• What the task requires
In the data below, find the line containing "this 1328×1770 image."; reproduce that line and all subsequent lines exactly, and nothing else.

• Extracted material
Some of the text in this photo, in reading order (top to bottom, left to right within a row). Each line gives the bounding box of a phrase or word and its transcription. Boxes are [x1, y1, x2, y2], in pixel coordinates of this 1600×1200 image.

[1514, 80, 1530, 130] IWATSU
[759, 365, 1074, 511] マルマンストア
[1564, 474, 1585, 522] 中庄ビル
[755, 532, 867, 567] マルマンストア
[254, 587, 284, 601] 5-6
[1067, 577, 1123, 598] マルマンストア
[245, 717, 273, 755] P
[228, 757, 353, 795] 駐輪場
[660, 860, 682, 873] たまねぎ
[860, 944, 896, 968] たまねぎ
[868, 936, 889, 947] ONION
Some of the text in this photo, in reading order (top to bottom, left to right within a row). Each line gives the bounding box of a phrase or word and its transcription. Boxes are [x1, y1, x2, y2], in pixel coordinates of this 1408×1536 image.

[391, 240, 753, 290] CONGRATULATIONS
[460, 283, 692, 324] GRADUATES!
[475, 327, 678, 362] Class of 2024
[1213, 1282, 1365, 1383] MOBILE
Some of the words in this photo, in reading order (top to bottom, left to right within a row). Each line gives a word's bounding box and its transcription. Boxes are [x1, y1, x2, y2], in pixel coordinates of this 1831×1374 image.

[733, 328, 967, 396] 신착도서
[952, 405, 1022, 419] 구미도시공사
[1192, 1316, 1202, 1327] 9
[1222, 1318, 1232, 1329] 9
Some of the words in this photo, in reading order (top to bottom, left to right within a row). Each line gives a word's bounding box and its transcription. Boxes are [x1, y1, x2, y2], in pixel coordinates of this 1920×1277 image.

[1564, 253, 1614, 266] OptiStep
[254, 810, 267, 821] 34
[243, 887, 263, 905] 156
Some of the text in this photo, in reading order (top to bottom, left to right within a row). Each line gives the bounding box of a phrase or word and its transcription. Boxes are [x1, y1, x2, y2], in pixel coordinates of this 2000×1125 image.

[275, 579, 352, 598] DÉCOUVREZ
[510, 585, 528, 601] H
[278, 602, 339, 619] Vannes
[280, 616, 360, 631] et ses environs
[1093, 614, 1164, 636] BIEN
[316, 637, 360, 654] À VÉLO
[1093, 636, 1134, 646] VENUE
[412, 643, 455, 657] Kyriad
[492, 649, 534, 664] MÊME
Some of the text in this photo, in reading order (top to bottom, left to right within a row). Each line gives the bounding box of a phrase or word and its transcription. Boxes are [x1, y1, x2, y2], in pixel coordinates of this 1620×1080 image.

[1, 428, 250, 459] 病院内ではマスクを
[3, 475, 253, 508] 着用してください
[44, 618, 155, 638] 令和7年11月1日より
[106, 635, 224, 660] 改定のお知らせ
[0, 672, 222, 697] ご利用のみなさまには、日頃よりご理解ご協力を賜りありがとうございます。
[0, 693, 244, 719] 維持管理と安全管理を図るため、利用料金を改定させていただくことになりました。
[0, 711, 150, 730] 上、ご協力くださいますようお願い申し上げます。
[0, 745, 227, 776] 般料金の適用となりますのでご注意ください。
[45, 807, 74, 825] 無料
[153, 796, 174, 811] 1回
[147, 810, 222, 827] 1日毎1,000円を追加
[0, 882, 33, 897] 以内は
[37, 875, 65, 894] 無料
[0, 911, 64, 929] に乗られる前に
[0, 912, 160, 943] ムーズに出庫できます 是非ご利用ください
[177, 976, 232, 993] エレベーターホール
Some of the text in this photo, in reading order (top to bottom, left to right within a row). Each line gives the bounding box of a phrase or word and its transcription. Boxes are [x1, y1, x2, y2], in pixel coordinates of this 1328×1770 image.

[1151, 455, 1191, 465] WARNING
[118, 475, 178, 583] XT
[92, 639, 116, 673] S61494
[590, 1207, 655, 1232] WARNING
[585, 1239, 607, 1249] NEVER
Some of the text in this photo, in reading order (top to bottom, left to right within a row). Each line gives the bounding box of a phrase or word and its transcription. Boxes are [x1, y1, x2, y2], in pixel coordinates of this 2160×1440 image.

• Exercise output
Some of the text in this photo, in reading order (top to bottom, left to right within a row). Each line gives the bounding box of a phrase or word and its transcription. Boxes are [x1, y1, x2, y2], in pixel coordinates of this 1328×1770 image.

[1151, 455, 1191, 465] WARNING
[118, 475, 178, 583] XT
[92, 639, 116, 673] S61494
[590, 1207, 655, 1232] WARNING
[585, 1239, 607, 1249] NEVER
Some of the text in this photo, in reading order (top to bottom, left to right within a row). Each line gives the bounding box of a phrase or word and its transcription. Boxes are [x1, y1, x2, y2], in pixel coordinates of this 2160×1440 image.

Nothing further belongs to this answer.